Wish you lived closer I would definitely give you a shout.


----------



## rallyman1978 (Aug 8, 2007)

Very professional looking chap


----------



## Mick (Jan 23, 2010)

very nice photos chap :thumb:

next time you try shooting the dashboard, you may want to release the handbrake and clip the seatbelt in behind you, cuts down on dash light on and gives a different look :thumb:


----------



## Snowball (Jul 21, 2011)

Fancy a trip up to Yateley?

Got a white 3 MPS and a Fiesta ST to play with... I can get to play with my camera too!


----------



## mrk (Jul 12, 2008)

Cheers all, Yately is a bit of a trek lol,. if I'm ever going in that sort of area though I will take up the opportunity 



Mick said:


> very nice photos chap :thumb:
> 
> next time you try shooting the dashboard, you may want to release the handbrake and clip the seatbelt in behind you, cuts down on dash light on and gives a different look :thumb:


Ah yes I never even thought of that! I guess I could photoshop it out as well but better to do it properly. Next time!


----------



## bretti_kivi (Apr 22, 2008)

I don't like the background lighting, I think they would have been better without the flourescents. But you're using speedlites, so it's not easy to wind them up so high.

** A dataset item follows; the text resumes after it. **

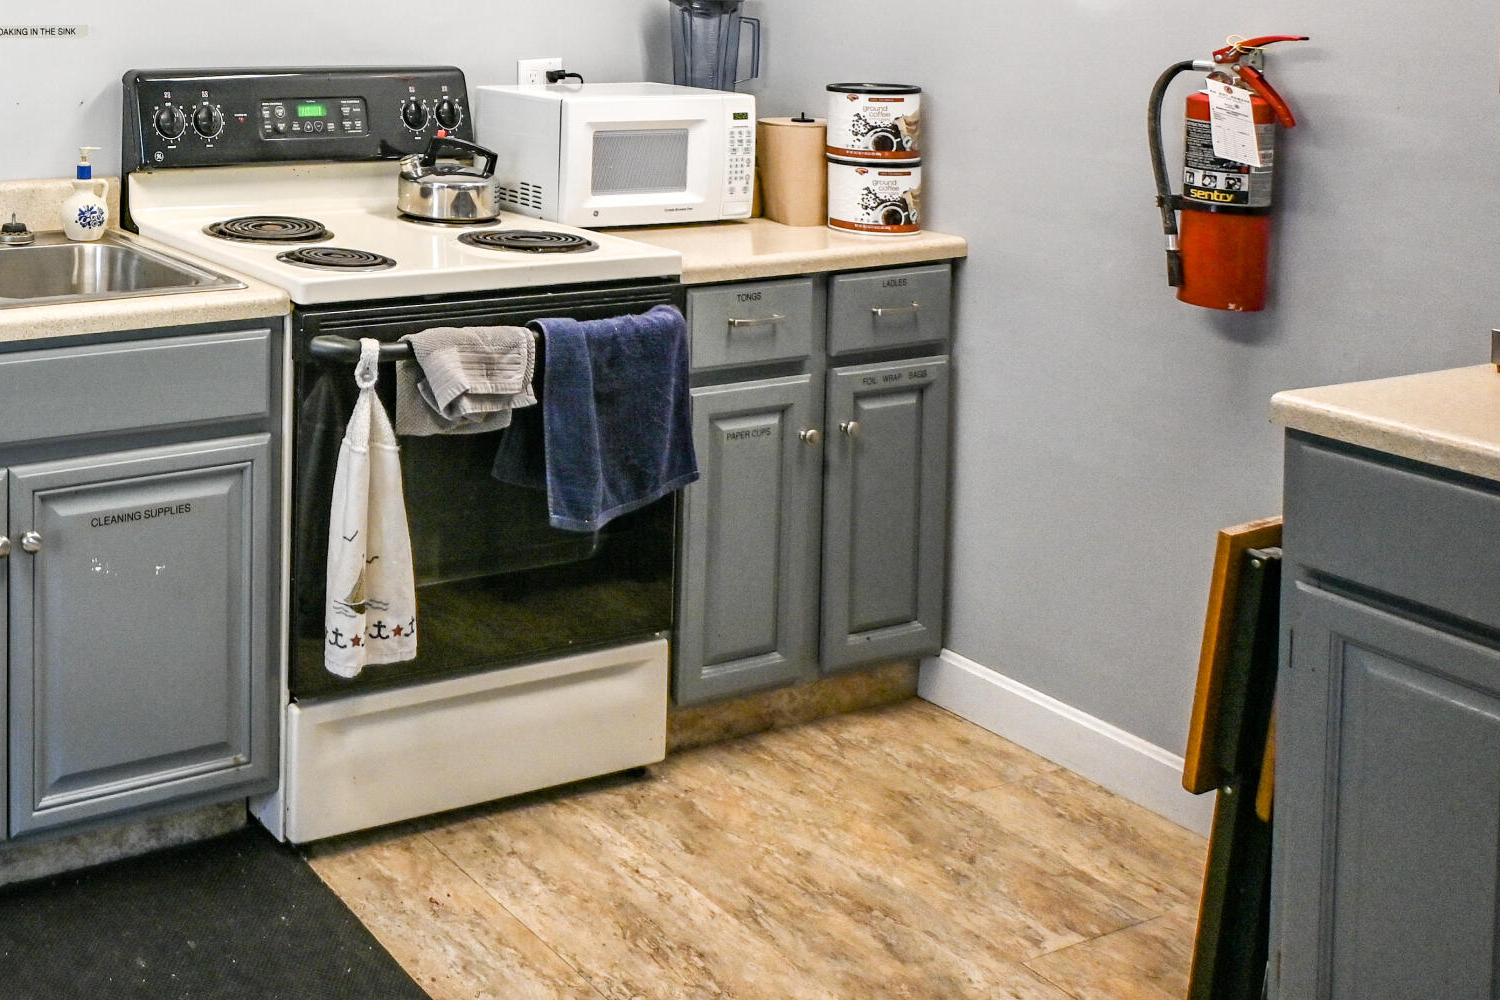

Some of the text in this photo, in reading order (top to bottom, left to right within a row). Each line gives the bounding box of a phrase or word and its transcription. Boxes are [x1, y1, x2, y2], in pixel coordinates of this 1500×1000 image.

To the pics: 4 simply does not work IMO with the lens distortion. The plate is no longer readable and teh front wheel looks like a wishbone is broken. Not good.

Interior: Ok, but I think you're still too wide and dropping the driver's seat back and taking from directly behind the passenger gives a similar feel and more authenticity.

it's neat 'n' tidy inside, I'll give it that.

3 is conceptually OK, but the formers give too much of a spot of light. It should be bigger and synch'ed with the outside light, which it simply isn't.

Tips:
- diffused light is great but you should use it - along with a *lack* of light - to show forms and changes within those. 
- drop the background light completely, it does not help. 
- multi-flash can work very well if you've a long enough exposure (maybe filters to help?) - that way you can eliminate the drawbacks of using only two flashes.
- there's no such thing as too many flashes
- find a point / detail in the car - or three - that scream "THIS IS A XXXXXX" at you. Like the foglights or the spolier or the indicator or the filler cap or a logo inside and use those. Let the car's design tell the story. Those who know, know, and those who don't can enjoy the suspense.
- you don't have to stay with colour....
- use DoF and selective focus, you can get away with an *awful* lot if you try.

These are my car. No flash, Sigma 100-300..... yes, I know it's not perfectly clean, hard to keep it clean when you drive as much gravel as I do. If you don't know what it is, check out the last shot. This is what I mean by letting the car's design talk:














































- Bret


----------



## james_death (Aug 9, 2010)

Looking swish...:thumb:


----------



## mrk (Jul 12, 2008)

Thanks *bretti_kivi *for the pointers, although I'm not sure how all of the points apply to your examples either! To me they are more abstract than car photography from a purist point of view. They do work in BW though.

I suppose it's down to the individual photographer's style of photography than anything else. If everyone did abstract and close-ups of badges, door handles etc it would be a very samey-samey world!

Here are some others where I tried out different styles and effects previously, mainly my own car as mentioned but I did shoot a mate's Honda CBR1100 bike too:


----------



## Keith_sir (Jun 27, 2011)

Absaloute love 3MPS's. Great photo's.


----------



## LeadFarmer (Feb 23, 2011)

mrk, I like the HDR & tilt shift photo:thumb:


----------



## bretti_kivi (Apr 22, 2008)

both the first one of the BMW and the one of it under the trees are really good and the tilt-shift is also well processed. 

The processing also really suits the last one. Horses for courses - keep at it, this stuff is pretty damned good. And if the owner / requester is happy.....

Bret


----------



## mrk (Jul 12, 2008)

Practice is a never ending journey


----------